→ **What to produce**
Verbatim copy without pictures. Please print every entry as it stands.

→ **Source data**
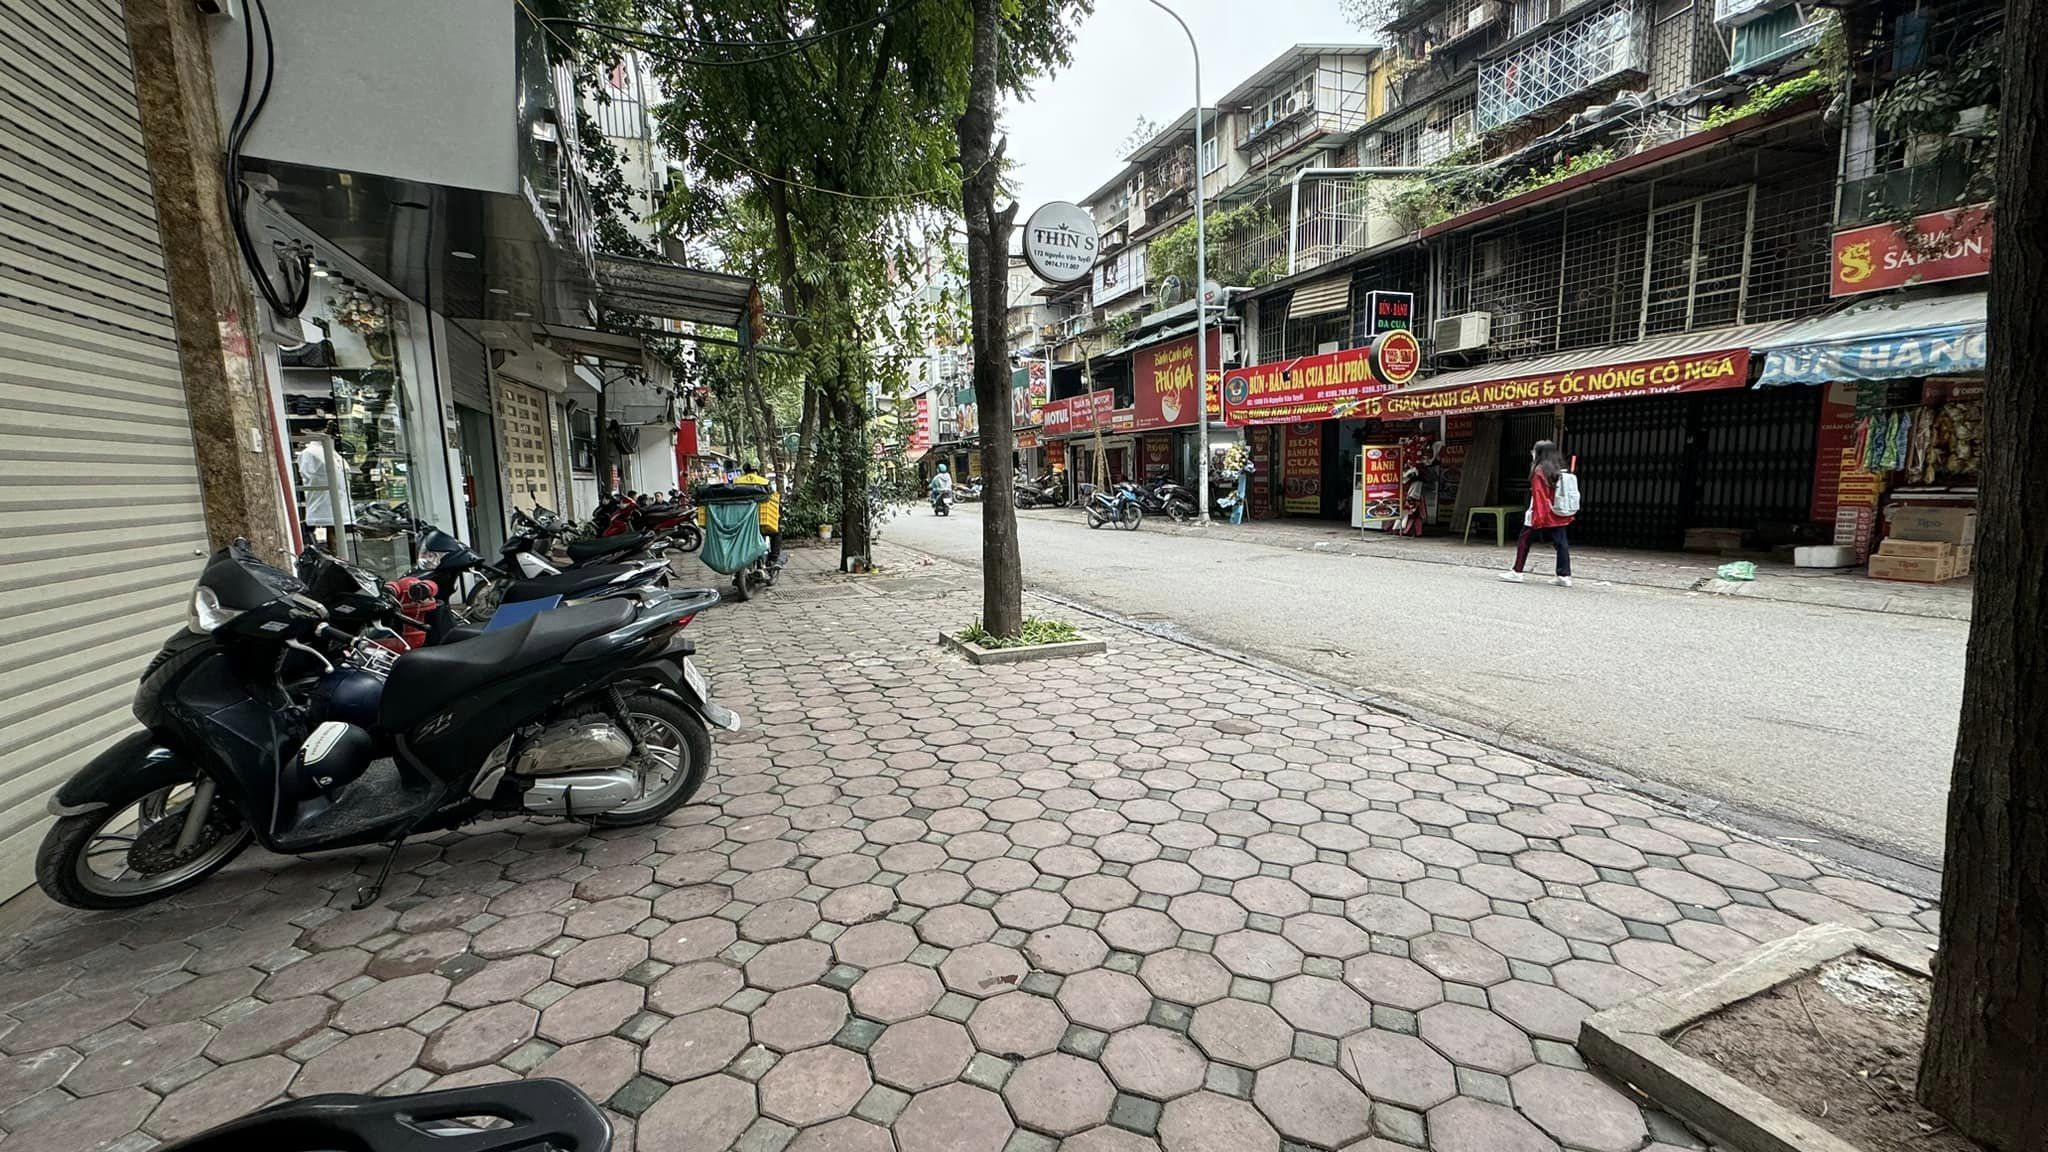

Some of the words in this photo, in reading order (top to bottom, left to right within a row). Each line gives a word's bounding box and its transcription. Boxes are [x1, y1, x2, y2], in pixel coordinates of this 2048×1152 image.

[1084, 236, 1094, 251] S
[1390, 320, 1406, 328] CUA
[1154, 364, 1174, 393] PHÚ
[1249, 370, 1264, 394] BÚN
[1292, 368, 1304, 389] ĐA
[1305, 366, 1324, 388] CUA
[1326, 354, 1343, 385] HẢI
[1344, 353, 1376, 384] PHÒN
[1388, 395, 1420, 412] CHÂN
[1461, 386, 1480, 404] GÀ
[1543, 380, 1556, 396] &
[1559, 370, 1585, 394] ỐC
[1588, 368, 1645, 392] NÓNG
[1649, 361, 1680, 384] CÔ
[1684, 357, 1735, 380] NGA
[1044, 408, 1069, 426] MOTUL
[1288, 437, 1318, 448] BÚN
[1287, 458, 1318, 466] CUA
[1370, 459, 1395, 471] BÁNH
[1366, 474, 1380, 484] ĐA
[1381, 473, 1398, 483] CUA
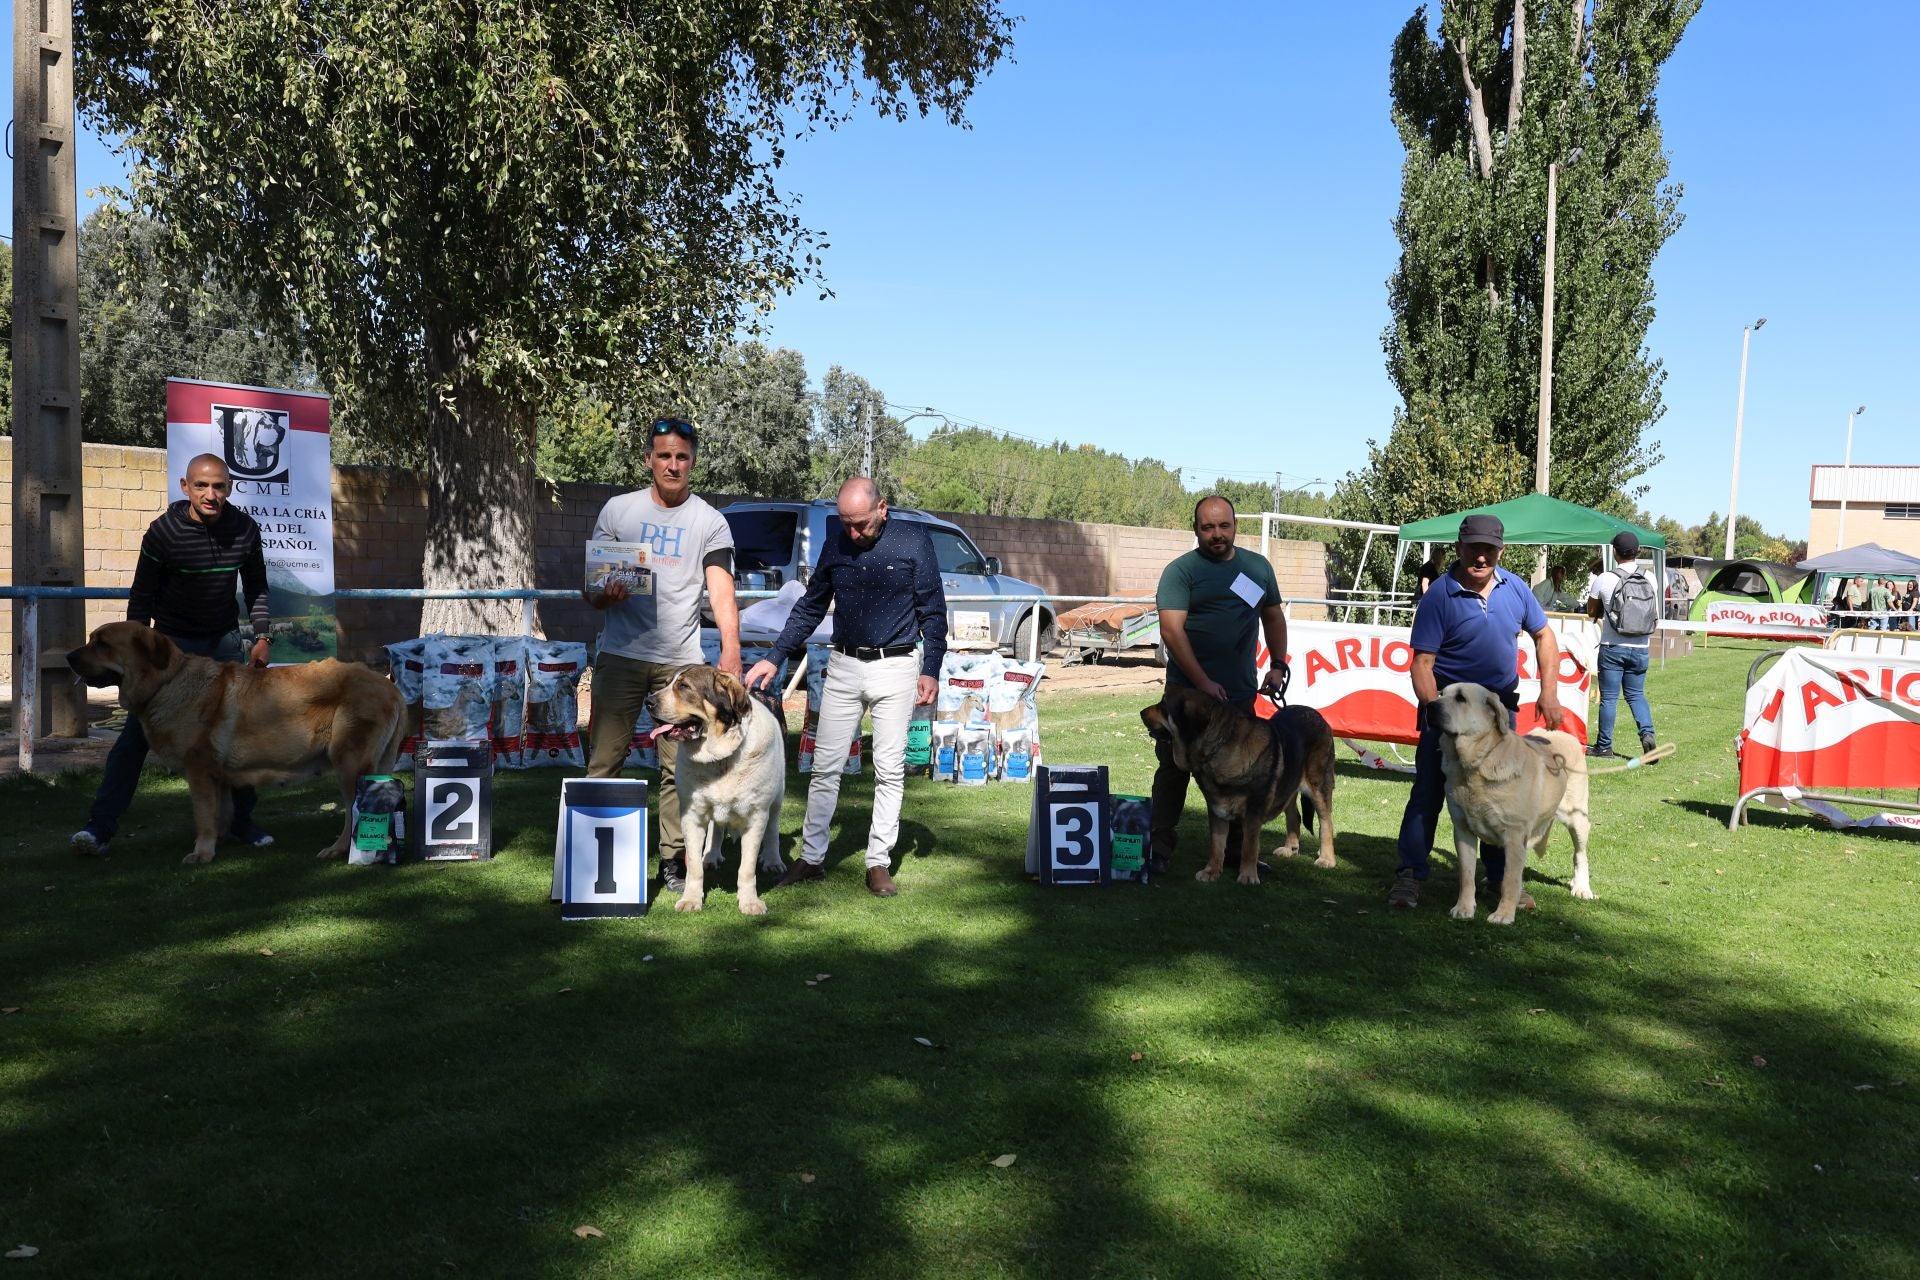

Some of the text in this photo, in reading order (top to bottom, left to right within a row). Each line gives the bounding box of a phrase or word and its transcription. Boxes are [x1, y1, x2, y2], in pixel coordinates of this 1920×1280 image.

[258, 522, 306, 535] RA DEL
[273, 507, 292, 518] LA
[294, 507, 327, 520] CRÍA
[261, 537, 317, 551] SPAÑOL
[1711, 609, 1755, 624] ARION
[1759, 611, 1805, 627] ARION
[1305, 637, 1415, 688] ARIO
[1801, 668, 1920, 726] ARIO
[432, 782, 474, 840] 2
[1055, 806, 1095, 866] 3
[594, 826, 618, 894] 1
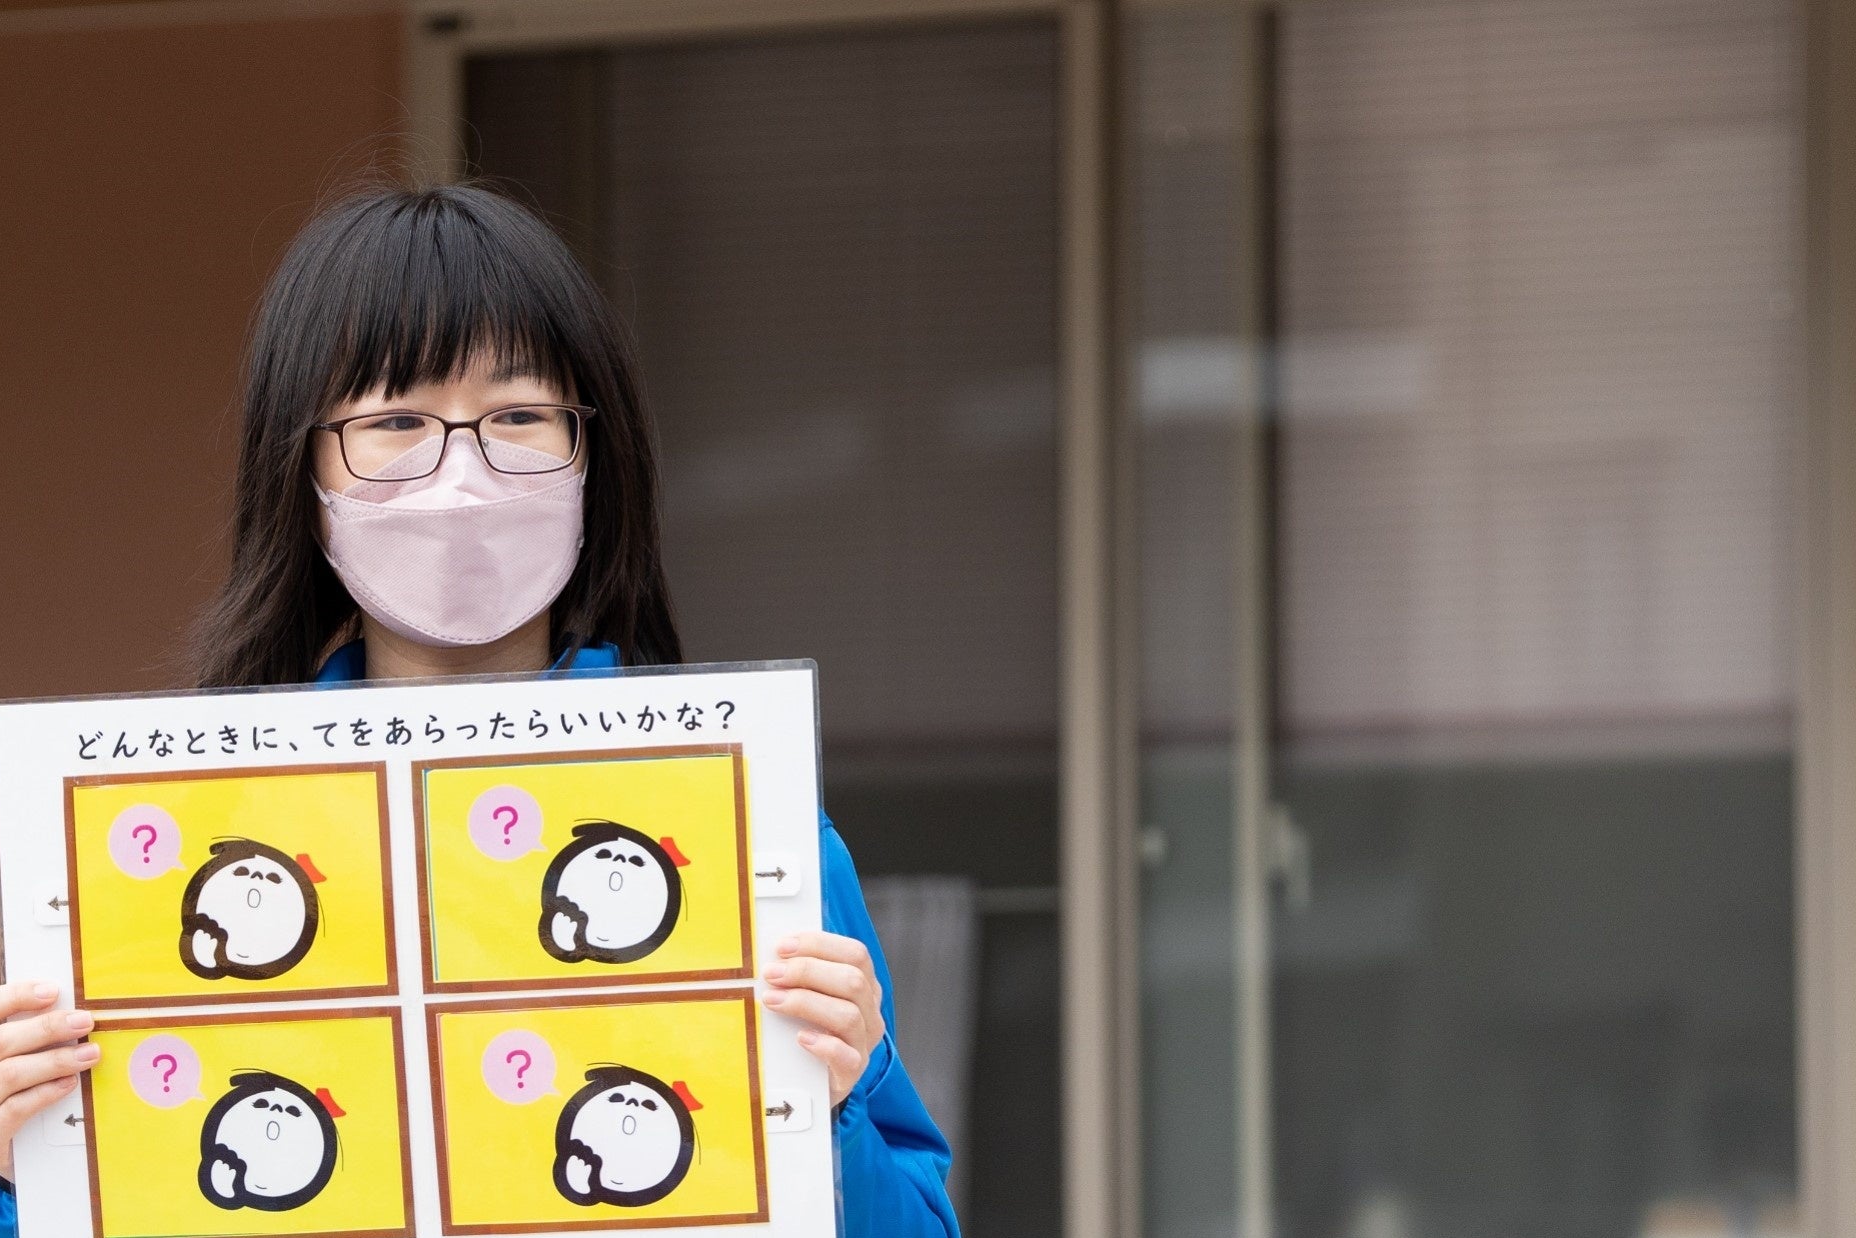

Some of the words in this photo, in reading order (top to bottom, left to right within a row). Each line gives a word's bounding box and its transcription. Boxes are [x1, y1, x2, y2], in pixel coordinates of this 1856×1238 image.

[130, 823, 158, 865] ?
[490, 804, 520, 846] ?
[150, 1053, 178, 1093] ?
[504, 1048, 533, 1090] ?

→ **Exercise response**
Some of the words in this photo, in reading order (top to bottom, left to right within a row). Each line gives a word's bounding box and its transcription. Boxes are [x1, y1, x2, y2], in pixel coordinates of this 2048×1152 image.

[1084, 236, 1094, 251] S
[1390, 320, 1406, 328] CUA
[1154, 364, 1174, 393] PHÚ
[1249, 370, 1264, 394] BÚN
[1292, 368, 1304, 389] ĐA
[1305, 366, 1324, 388] CUA
[1326, 354, 1343, 385] HẢI
[1344, 353, 1376, 384] PHÒN
[1388, 395, 1420, 412] CHÂN
[1461, 386, 1480, 404] GÀ
[1543, 380, 1556, 396] &
[1559, 370, 1585, 394] ỐC
[1588, 368, 1645, 392] NÓNG
[1649, 361, 1680, 384] CÔ
[1684, 357, 1735, 380] NGA
[1044, 408, 1069, 426] MOTUL
[1288, 437, 1318, 448] BÚN
[1287, 458, 1318, 466] CUA
[1370, 459, 1395, 471] BÁNH
[1366, 474, 1380, 484] ĐA
[1381, 473, 1398, 483] CUA

Some of the text in this photo, in reading order (top to bottom, left to right within a row). Each line gives the bounding box of a phrase or word and its transcription. Boxes are [x1, y1, x2, y2], in pixel coordinates of this 1920×1280 image.

[258, 522, 306, 535] RA DEL
[273, 507, 292, 518] LA
[294, 507, 327, 520] CRÍA
[261, 537, 317, 551] SPAÑOL
[1711, 609, 1755, 624] ARION
[1759, 611, 1805, 627] ARION
[1305, 637, 1415, 688] ARIO
[1801, 668, 1920, 726] ARIO
[432, 782, 474, 840] 2
[1055, 806, 1095, 866] 3
[594, 826, 618, 894] 1

Some of the words in this photo, in reading order (top to bottom, left to right within a row). Each line gives a word's bounding box and its transcription. Boxes are [x1, y1, x2, y2], in pixel coordinates of this 1856×1238 image.

[130, 823, 158, 865] ?
[490, 804, 520, 846] ?
[150, 1053, 178, 1093] ?
[504, 1048, 533, 1090] ?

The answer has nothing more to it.